Problem:
Transcribe exactly the lines from the one holding "Some of the text" to the end of the data below, including both of those lines and no others.

[Saved entries]
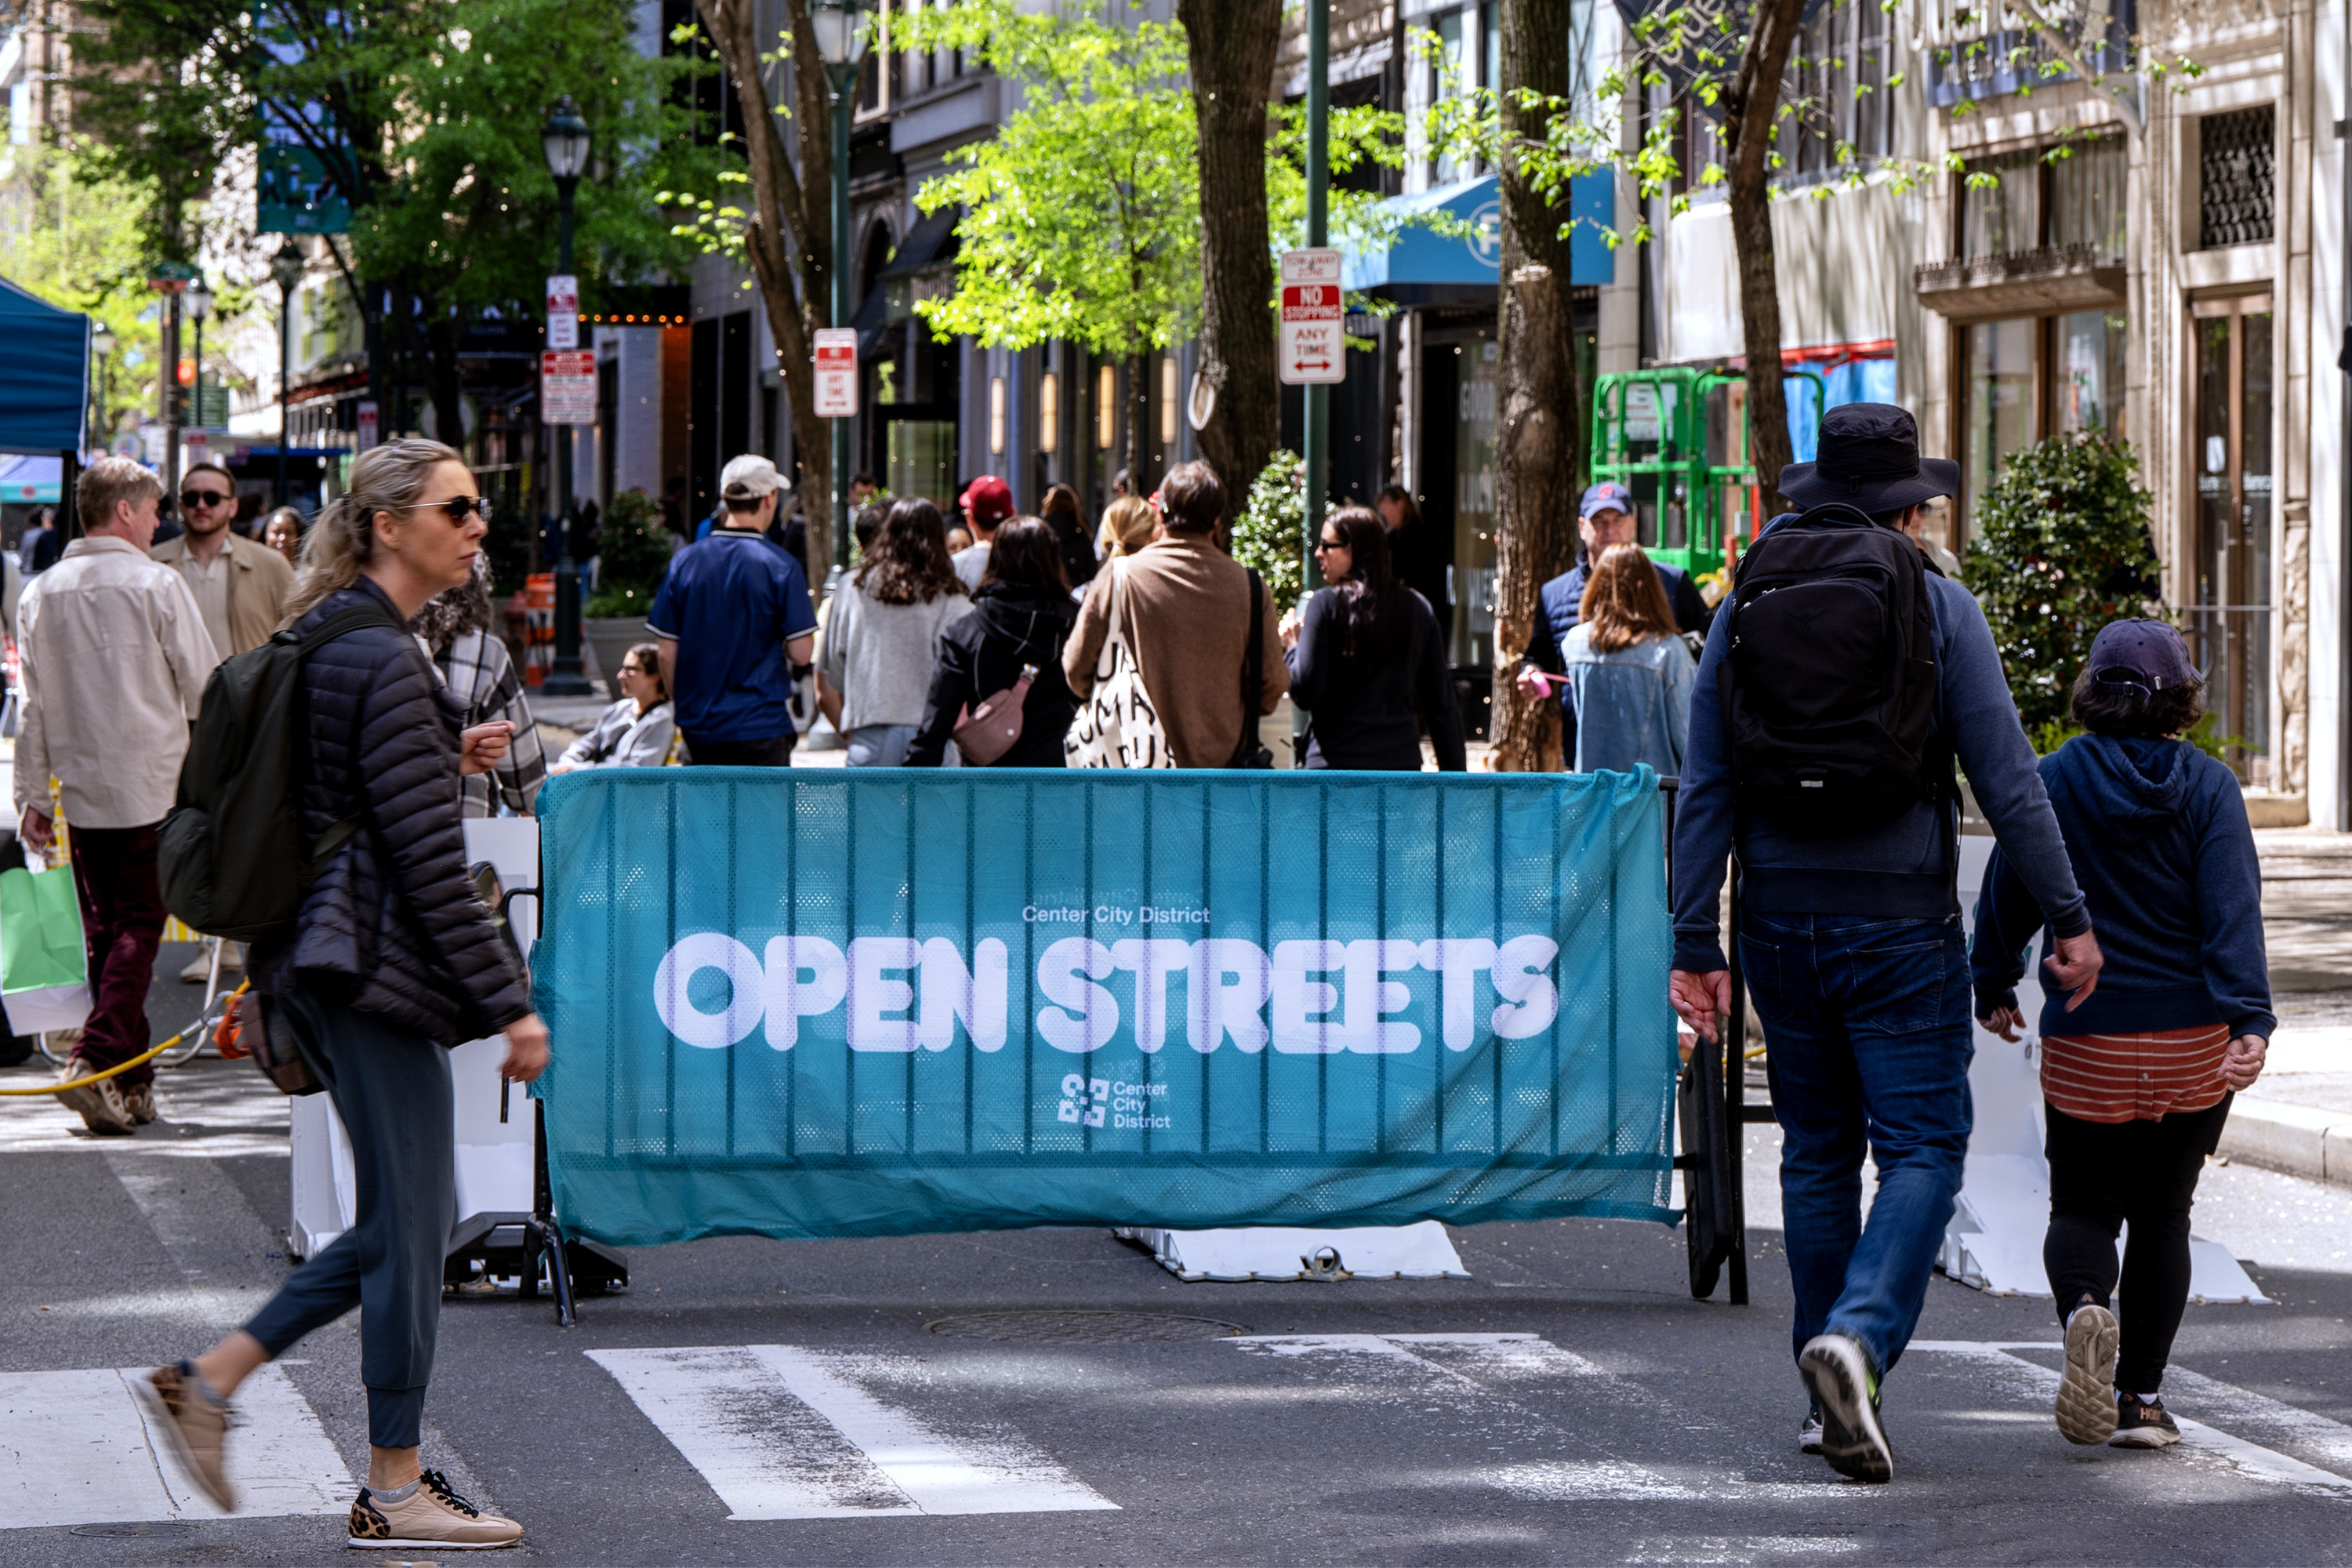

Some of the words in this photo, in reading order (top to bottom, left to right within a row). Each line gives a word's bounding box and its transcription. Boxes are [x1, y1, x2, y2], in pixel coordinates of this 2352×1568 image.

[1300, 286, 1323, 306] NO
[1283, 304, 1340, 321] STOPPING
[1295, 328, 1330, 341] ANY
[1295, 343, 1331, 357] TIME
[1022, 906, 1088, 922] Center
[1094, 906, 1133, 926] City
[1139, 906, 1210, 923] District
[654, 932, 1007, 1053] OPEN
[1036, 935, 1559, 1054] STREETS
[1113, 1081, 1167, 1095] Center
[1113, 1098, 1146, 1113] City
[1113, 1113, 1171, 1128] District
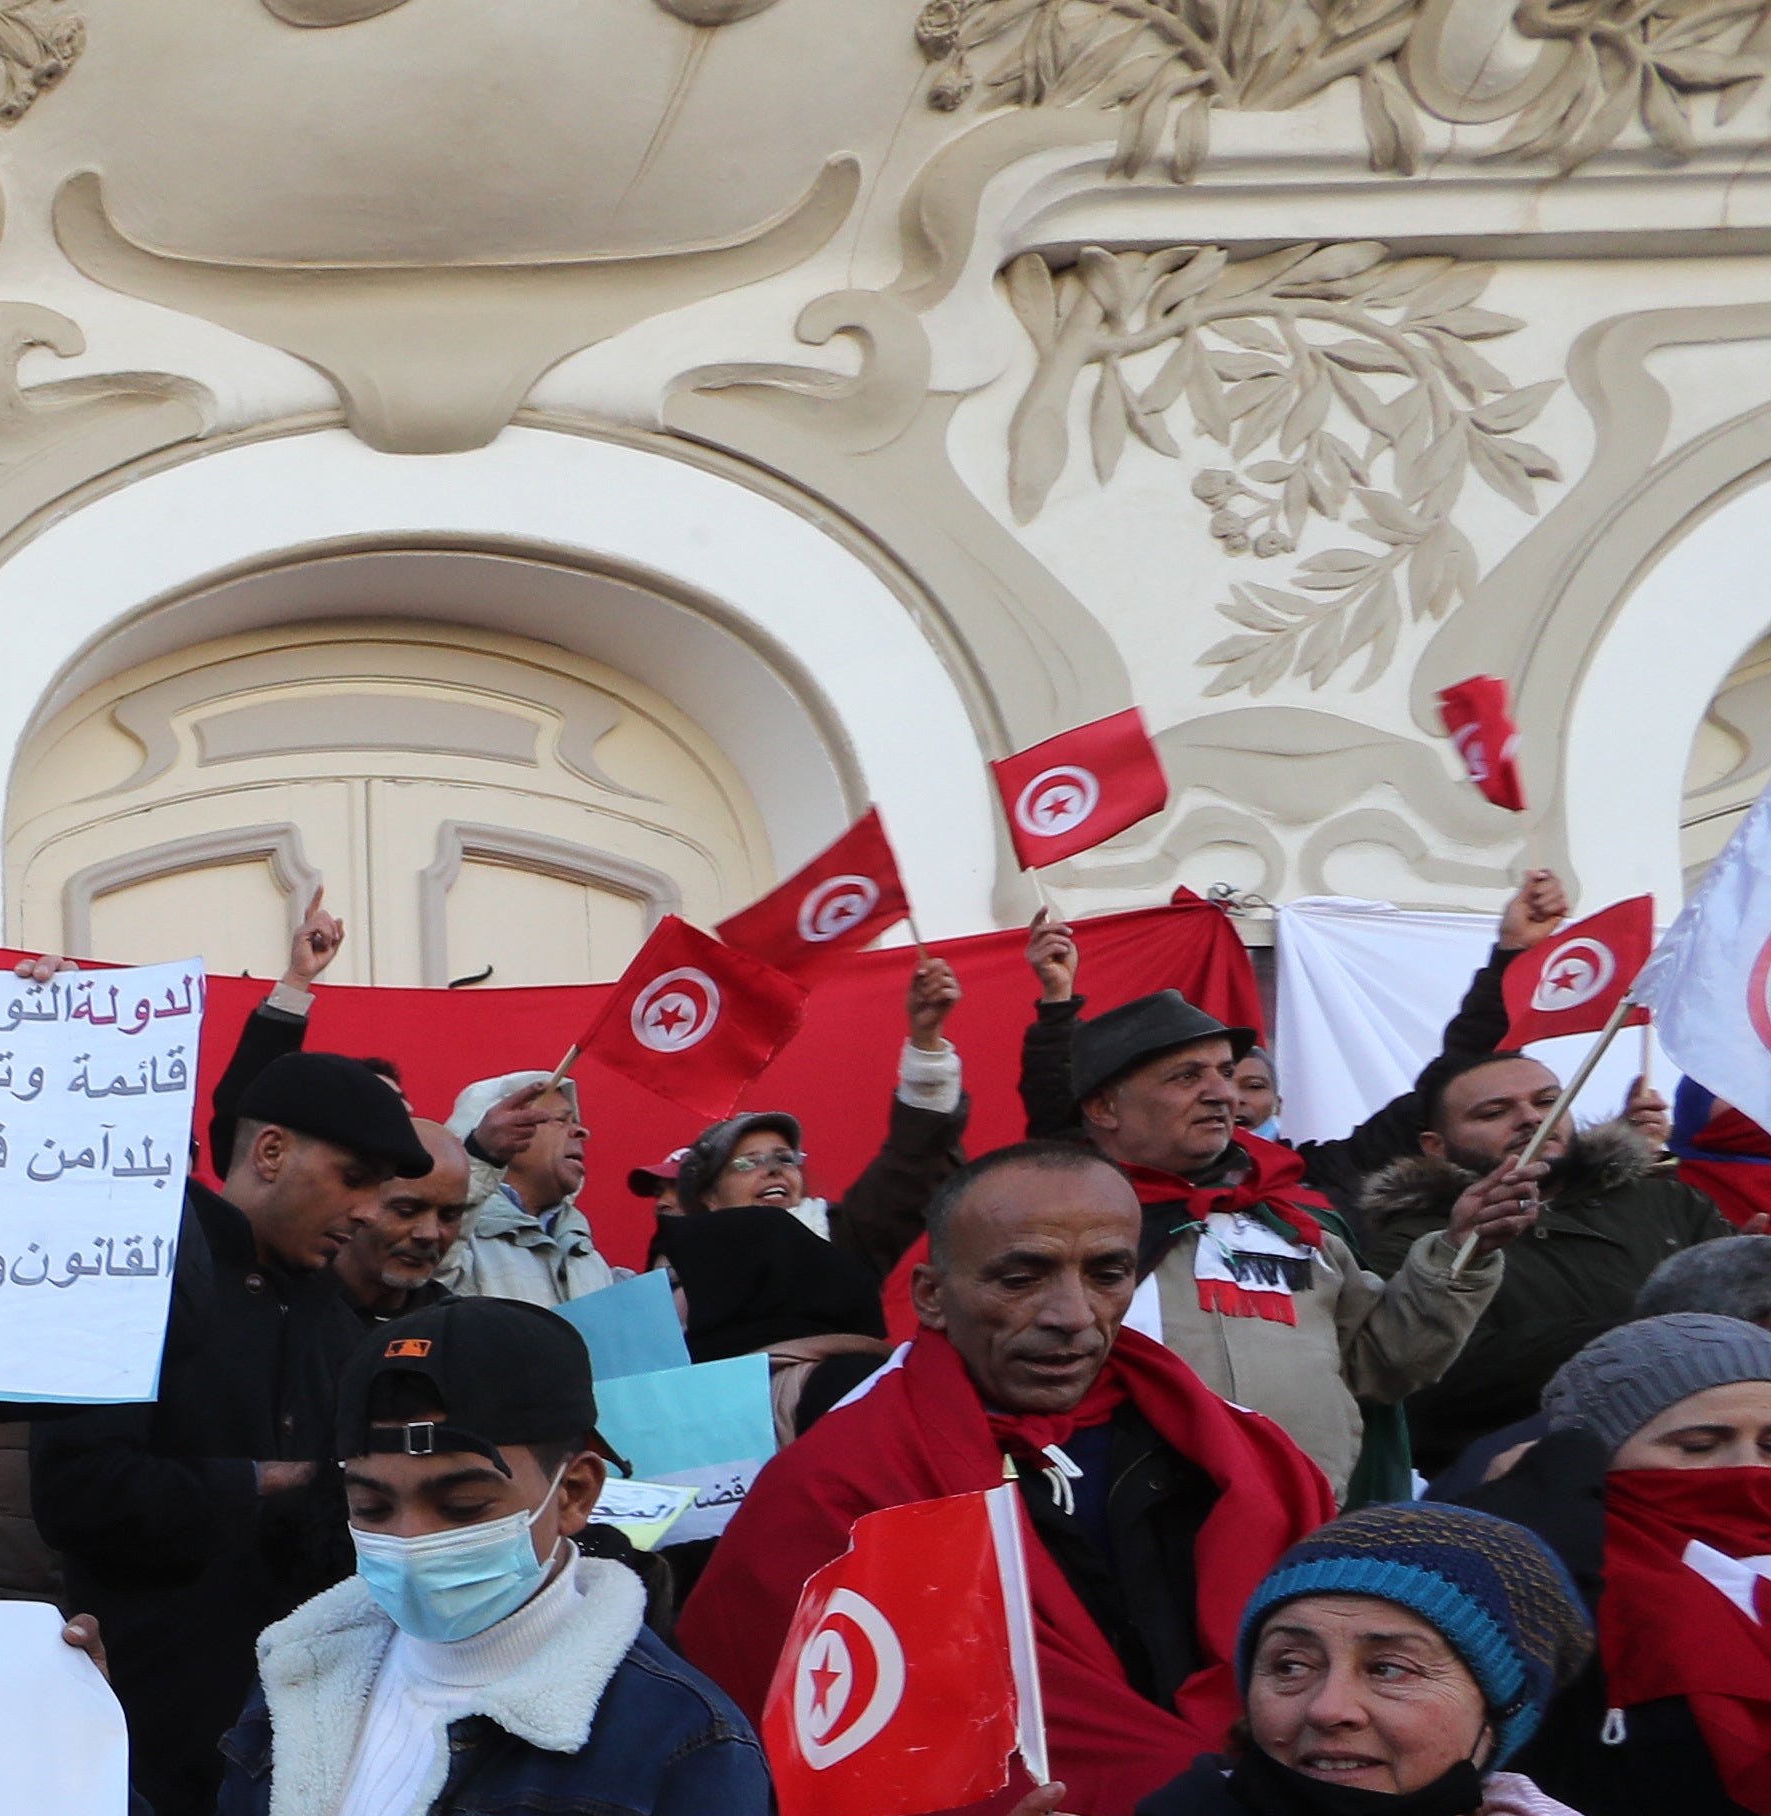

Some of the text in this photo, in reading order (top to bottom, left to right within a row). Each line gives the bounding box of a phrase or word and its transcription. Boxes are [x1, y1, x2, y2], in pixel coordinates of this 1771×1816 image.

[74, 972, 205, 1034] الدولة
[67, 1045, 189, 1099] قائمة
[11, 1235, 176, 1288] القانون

Solution to this task:
Some of the text in this photo, in reading order (top to bottom, left to right within a row). Each line gives the bounding box of a phrase or word and its transcription. Boxes are [x1, y1, x2, y2], in pixel coordinates of this 1771×1816 image.

[74, 972, 205, 1034] الدولة
[67, 1045, 189, 1099] قائمة
[11, 1235, 176, 1288] القانون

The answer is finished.